Um aluno disse ao "Seattle Times" que o atirador "gostava de uma menina que não queria sair com ele, e estava entre as pessoas em quem ele atirou".

"Nunca achei que estaria aqui, depois de um tiroteio em uma escola", declarou ao "Seattle Times" Heather Parker, mãe de Corbin, que estava dentro do colégio.

"Está bastante abalado. Ele disse apenas 'estou bem'. Estava tentando me acalmar", acrescentou.

Tiroteios similares - como o ocorrido em uma escola em Newton, Connecticut (nordeste dos EUA), em dezembro de 2012, e que deixou 20 crianças e seis adultos mortos - inflamam o debate sobre a necessidade de reforma na lei de armas nos Estados Unidos.

Três estudantes lutam pela vida após o ataque

Duas meninas de 14 anos e um menino de 15 estavam entre a vida e a morte, neste sábado, após ataque a tiros da véspera na escola de ensino médio onde estudavam, perto de Seattle (noroeste dos Estados Unidos), no qual morreram duas pessoas, inclusive o atirador, e outras quatro ficaram feridas. Os três se encontram em estado crítico.

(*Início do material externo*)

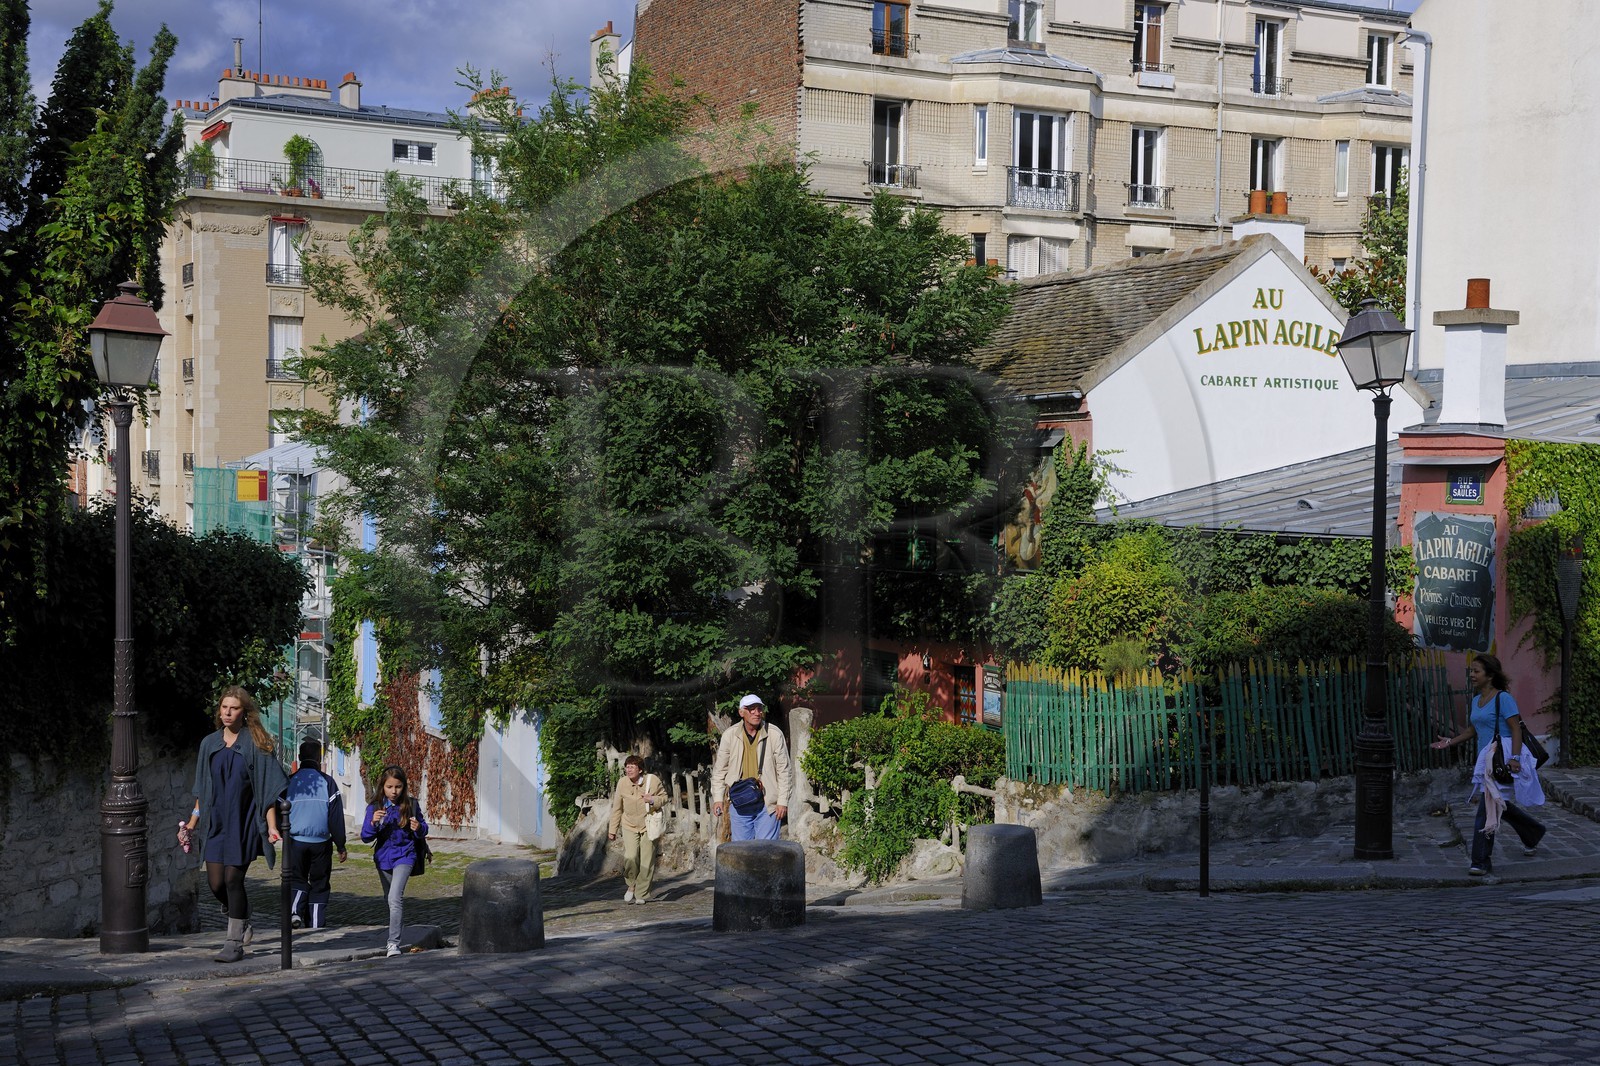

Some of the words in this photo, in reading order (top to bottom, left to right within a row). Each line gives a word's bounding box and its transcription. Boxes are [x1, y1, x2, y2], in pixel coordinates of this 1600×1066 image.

[1252, 288, 1284, 310] AU
[1193, 319, 1268, 355] LAPIN
[1273, 319, 1340, 358] AGILE
[1201, 375, 1257, 388] CABARET
[1264, 377, 1339, 391] ARTISTIQUE
[1457, 476, 1473, 485] RUE
[1452, 488, 1477, 497] SAULES
[1442, 525, 1459, 536] AU
[1418, 537, 1453, 561] LAPIN
[1454, 538, 1491, 568] AGILE
[1424, 565, 1478, 582] CABARET
[1450, 617, 1464, 628] VERS
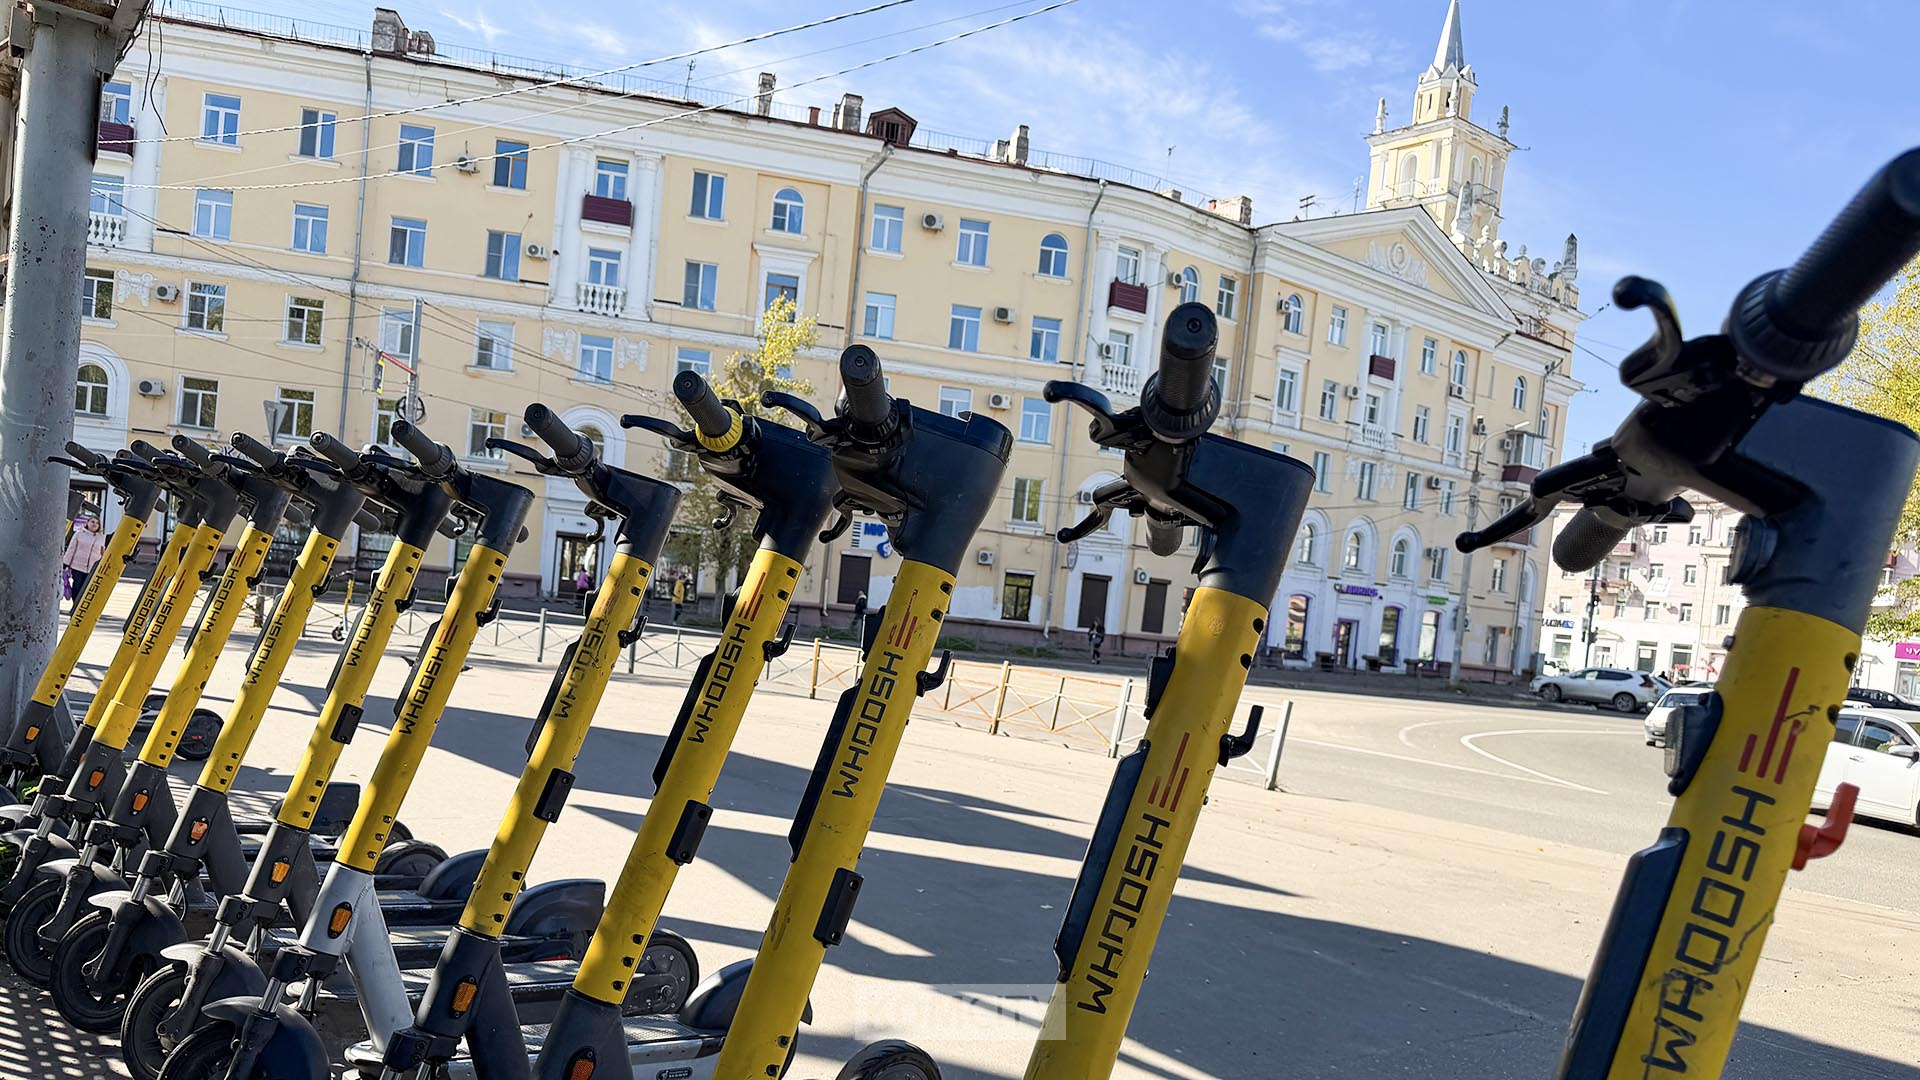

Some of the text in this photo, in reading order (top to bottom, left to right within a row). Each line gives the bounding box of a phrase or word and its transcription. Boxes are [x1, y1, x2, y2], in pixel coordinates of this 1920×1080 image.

[74, 576, 103, 627] WHOOSH
[125, 590, 158, 646] WHOOSH
[141, 595, 176, 655] WHOOSH
[202, 568, 239, 633] WHOOSH
[347, 590, 388, 667] WHOOSH
[248, 613, 287, 685] WHOOSH
[688, 622, 749, 743] WHOOSH
[400, 646, 447, 734] WHOOSH
[832, 651, 903, 799] WHOOSH
[1077, 813, 1170, 1014] WHOOSH
[1641, 785, 1776, 1073] WHOOSH

Outro menino, de 14 anos, se encontrava em estado sério depois de ser baleado na mandíbula. Os dois garotos seriam primos do atirador, Jaylen Fryberg, um popular aluno do primeiro ano do ensino médio na escola Marysville-Pilchuck, que abriu fogo no refeitório do colégio.

"Os três próximos dias serão cruciais", declarou Joanne Roberts, médica do Providence Regional Medical Center, situado 50 km ao norte de Seattle, onde as pacientes estão internadas. Segundo ela, as duas estudantes levaram tiros na cabeça e foram operadas.

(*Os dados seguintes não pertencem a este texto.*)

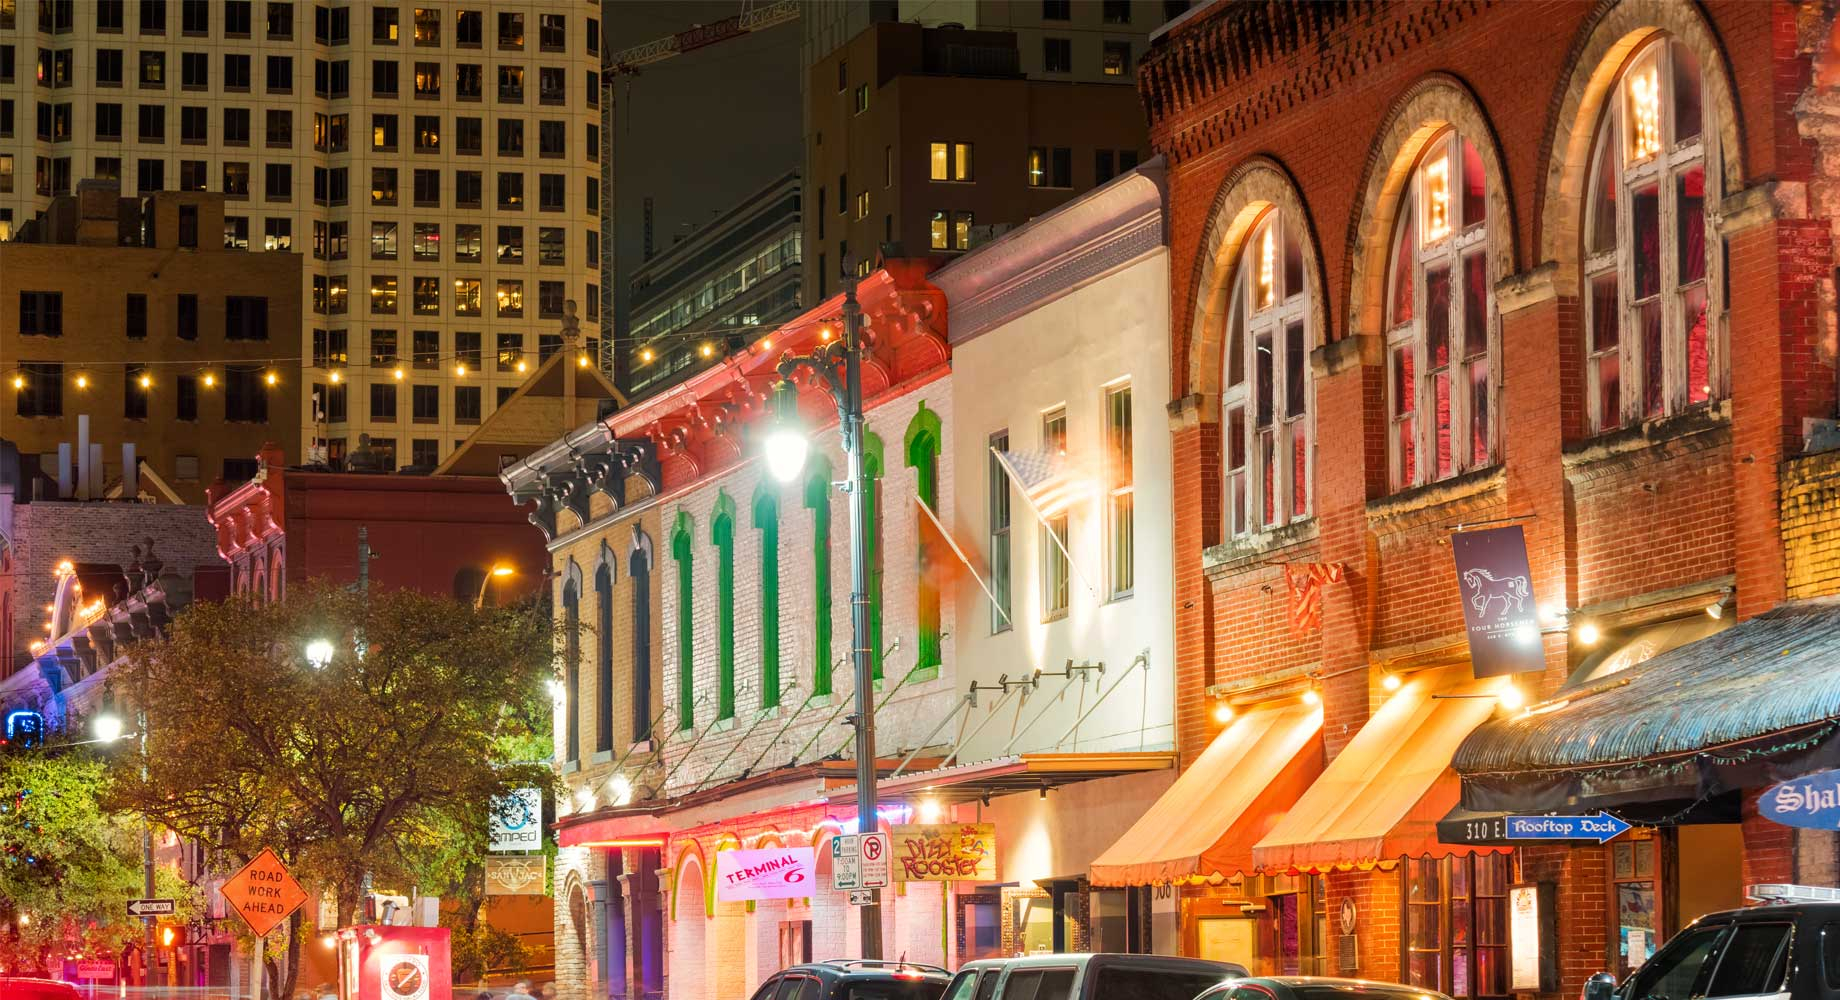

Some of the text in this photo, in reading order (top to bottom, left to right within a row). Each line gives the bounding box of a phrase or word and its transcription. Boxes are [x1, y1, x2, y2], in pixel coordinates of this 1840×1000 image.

O jovem atingido na mandíbula e outro aluno, ferido na cabeça, se encontram em estado crítico. Os dois estão internados em outro centro hospitalar da região, o Harborview Medical Center.

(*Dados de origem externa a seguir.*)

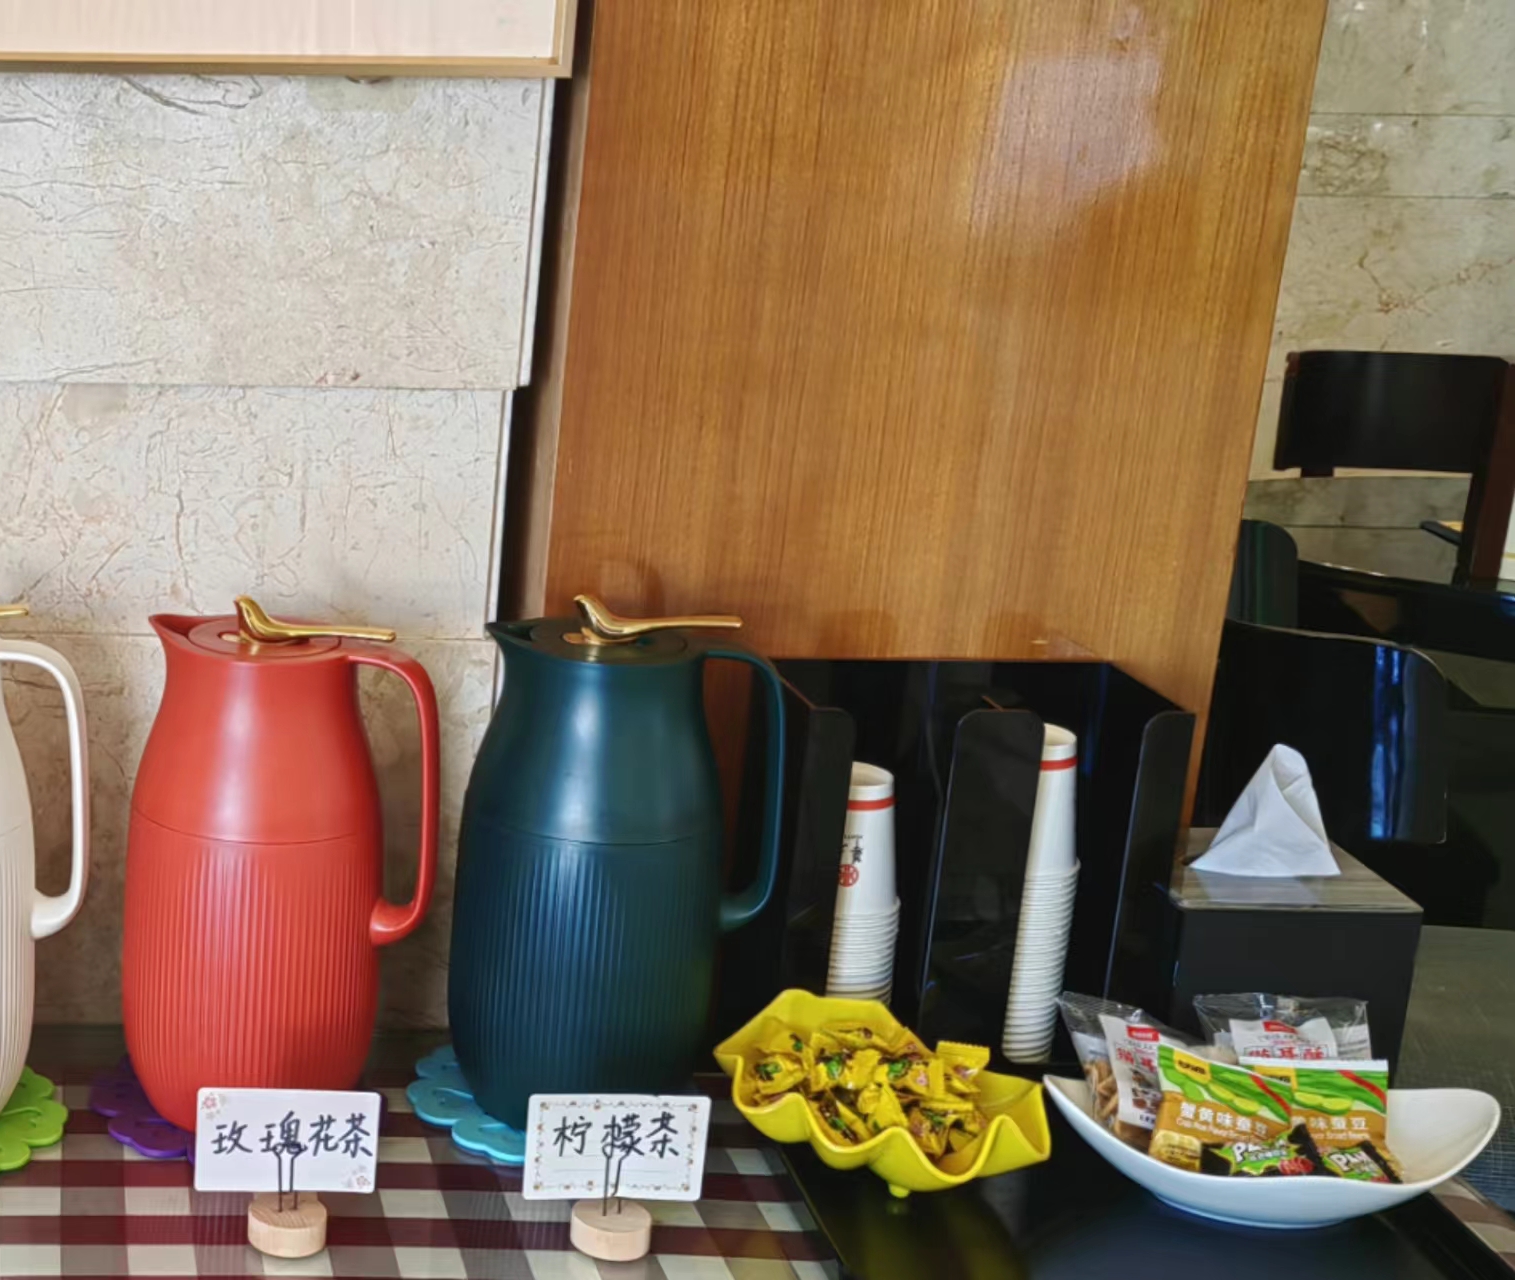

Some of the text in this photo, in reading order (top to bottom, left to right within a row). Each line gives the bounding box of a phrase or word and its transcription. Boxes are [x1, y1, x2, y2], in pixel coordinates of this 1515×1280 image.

O aluno Eric Cervantes disse à KIRO-TV que um funcionário da escola interceptou Fryberg, que atirou em si próprio no pescoço durante uma curta briga. A bala matou Fryberg, mas não está claro se o disparo foi intencional.

O xerife do condado de Snohomish disse que os detetives "conseguiram confirmar que um funcionário do refeitório teria tentado deter o atirador" e, segundo veículos locais, o funcionário seria um professor.

Os disparos foram efetuados por Fryberg, um jovem de origem indígena que seus amigos descreviam como "gentil" e popular e que era um dos astros da equipe de futebol do colégio Marysville-Pilchuck, situado no estado de Washington.

Segundo a emissora CNN, o jovem agiu sozinho e se matou em seguida usando a própria arma, que tinha sido comprada legalmente pelo pai.

De acordo com várias testemunhas, os disparos foram feitos no refeitório do colégio. Um aluno contou ao Seattle Times que Jaylen Fryberg "queria uma garota jovem que não quis sair com ele, e estava entre as pessoas contra as quais ele atirou".

A polícia ainda não fez comentários sobre esta informação, alegando que está no início das investigações.

Como acontece depois de cada a tiros nos Estados Unidos, multiplicaram-se as vozes na mídia e nas redes sociais, pedindo mais restrições à venda de armas de fogo.

Até mesmo o chefe de polícia de Marysville se manifestou neste sentido durante coletiva de imprensa na sexta-feira: "é tempo de examinarmos nossos valores (...) É tempo de agirmos", afirmou.